Rev. Estud. Fem. vol.29 no.1 Florianópolis jan. 2021  Epub 01-Jan-2021

https://doi.org/10.1590/1806-9584-2021v29n171698 

Resenhas

Sexo, género & feminismo: para uma vindicação contemporânea dos direitos das mulheres

Sex, Gender & Feminism: For a Contemporary Vindication of The Rights of Women

Ermelinda Sílvia de Oliveira Liberato1 
http://orcid.org/0000-0002-9857-4269

1Instituto Superior de Ciências da Comunicação, Luanda, Angola - isucic.mes@gmail.com

PAGLIA, Camille. Mulheres livres. Homens livres. Sexo, género & feminismo. ., Pereira, Hélder Moura. Lisboa: Quetzal Editora, 2018. 361pp.


A obra em referência é constituída por um conjunto de 36 “artigos mais representativos” (Camille PAGLIA, 2018, p. 13) publicados pela autora ao longo dos anos em diferentes meios, bem como “excertos, palestras e entrevistas” (PAGLIA, 2018, p. 13) que esboçam o seu pensamento em relação às temáticas apresentadas. Camille é uma conhecida académica feminista “pouco ortodoxa” (PAGLIA, 2018, p. 13), que se assume como “dissidente” (PAGLIA, 2018, p. 8), “rebelde insubmissa” (PAGLIA, 2018, p. 8), “libertária”1 (PAGLIA, 2018, p. 25), “entidade sem género” (PAGLIA, 2018, p. 9), o que lhe granjeou a alcunha de feminista anti-feminista. Autora de várias obras como Sex, Art and American Culture (1992), Vamps & Vadias (1994) e o seu mais conhecido trabalho Personas Sexuais (1999)2, procura, com a presente obra, mostrar “consistência e continuidade das [suas] posições libertárias” (PAGLIA, 2018, p. 13), bem como a sua coerência na defesa dos seus ideais.

Na introdução, devidamente documentada, identificamos as primeiras pistas sobre o crescimento da autora enquanto intelectual e feminista. Ao apontar as principais referências que a influenciaram ao longo de todo o seu percurso, Paglia dá-nos conta da necessidade premente de definição dos conceitos e seu devido enquadramento. Tendo como eixo e ponto de partida a mulher, a autora disserta, ao longo das 361 páginas que compõem a obra, em torno de três conceitos complexos socialmente construídos, politicamente explorados e culturalmente enraizados: sexo, género e feminismo, áreas sobre as quais se tem dedicado a pesquisar, dando assim relevante contributo na produção de conhecimento e, consequentemente, na desconstrução de ideias pré-concebidas sobre as mulheres e ao que se convencionou chamar “o mundo das mulheres” (Alain TOURAINE, 2008).

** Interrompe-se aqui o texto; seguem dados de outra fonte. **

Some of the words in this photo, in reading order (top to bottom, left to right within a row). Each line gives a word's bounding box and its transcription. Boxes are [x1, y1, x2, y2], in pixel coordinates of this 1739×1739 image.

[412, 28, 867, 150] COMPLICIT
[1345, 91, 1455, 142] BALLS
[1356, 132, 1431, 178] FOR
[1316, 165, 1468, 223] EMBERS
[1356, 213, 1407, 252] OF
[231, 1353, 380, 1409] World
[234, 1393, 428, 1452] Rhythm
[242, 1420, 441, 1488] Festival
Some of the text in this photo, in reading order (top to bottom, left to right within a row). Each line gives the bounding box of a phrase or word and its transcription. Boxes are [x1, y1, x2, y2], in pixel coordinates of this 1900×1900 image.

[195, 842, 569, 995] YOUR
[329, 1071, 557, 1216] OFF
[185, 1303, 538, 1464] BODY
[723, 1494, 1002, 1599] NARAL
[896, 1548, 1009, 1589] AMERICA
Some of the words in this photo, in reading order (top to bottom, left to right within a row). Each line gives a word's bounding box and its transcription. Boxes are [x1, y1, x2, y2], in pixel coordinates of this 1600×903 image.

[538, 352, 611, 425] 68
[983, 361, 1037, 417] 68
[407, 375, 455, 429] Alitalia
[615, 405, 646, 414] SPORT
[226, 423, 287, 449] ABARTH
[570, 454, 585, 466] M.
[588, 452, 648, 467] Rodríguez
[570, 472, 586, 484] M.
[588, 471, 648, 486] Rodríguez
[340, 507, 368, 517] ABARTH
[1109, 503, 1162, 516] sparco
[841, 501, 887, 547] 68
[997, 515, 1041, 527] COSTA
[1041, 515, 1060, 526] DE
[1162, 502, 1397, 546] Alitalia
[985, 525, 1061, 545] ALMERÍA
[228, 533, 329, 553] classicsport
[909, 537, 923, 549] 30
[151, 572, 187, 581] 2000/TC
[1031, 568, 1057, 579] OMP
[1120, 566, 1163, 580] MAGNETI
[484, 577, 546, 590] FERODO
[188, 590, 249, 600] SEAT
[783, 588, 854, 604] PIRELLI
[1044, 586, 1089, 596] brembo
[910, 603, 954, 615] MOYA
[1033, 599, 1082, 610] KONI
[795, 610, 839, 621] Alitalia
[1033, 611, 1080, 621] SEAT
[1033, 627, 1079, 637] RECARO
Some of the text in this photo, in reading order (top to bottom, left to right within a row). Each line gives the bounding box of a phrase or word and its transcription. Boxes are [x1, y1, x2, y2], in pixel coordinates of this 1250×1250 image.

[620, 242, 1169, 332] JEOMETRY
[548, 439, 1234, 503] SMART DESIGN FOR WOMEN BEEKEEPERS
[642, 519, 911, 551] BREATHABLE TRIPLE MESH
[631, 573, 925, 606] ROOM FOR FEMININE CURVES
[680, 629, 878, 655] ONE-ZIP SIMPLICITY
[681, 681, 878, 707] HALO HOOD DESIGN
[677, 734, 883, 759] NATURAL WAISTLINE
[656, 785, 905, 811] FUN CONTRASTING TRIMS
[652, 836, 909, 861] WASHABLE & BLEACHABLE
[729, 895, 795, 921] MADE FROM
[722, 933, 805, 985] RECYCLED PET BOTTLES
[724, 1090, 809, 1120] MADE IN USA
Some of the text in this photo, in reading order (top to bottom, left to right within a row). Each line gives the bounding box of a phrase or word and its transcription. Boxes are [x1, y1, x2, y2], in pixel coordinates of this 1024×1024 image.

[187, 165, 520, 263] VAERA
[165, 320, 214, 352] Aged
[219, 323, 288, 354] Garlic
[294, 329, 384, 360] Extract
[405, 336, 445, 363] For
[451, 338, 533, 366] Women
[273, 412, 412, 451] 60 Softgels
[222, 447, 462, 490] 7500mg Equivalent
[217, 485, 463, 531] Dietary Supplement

Assim, a mulher, considerada ao longo dos séculos, em todas as dimensões (económica, social, política, cultural, religiosa…) um ser inferior em relação ao sexo masculino, classificada como o “segundo sexo” (Simone de BEAUVOIR, 2016) e colocada sob a dependência de pais, irmãos, esposos, filhos, tem sido objeto de inúmeros estudos, tanto do ponto de vista social, emocional, biológico, psicológico e sobretudo, intelectual, que, de acordo com Paglia, têm sido dominados por “uma cambada de gente banal, imbecil e lamurienta… burocratas, seguidistas, partidárias, utopistas, quixotescas e pregadoras utópicas” (PAGLIA, 2018, p. 95), conduzindo assim a uma “institucionalização do sexismo” (PAGLIA, 2018, p. 95). O que todos esses estudos têm descurado é o seu corpo, entendido pela autora como “local sagrado e secreto” (PAGLIA, 2018, p. 67), dominado pelas hormonas que “muda[m] de hora a hora e de dia para dia” (PAGLIA, 2018, p. 188), pelo aparelho reprodutor, pelas mudanças causadas pelo inquietante ciclo menstrual, pela “maldição” (PAGLIA, 2018, p. 47) da menstruação, pelos efeitos da gravidez e do parto nesse mesmo corpo, aspetos que interferem com as suas emoções e que por sua vez influenciam as suas reações e ações e a tornam prisioneira de si mesma.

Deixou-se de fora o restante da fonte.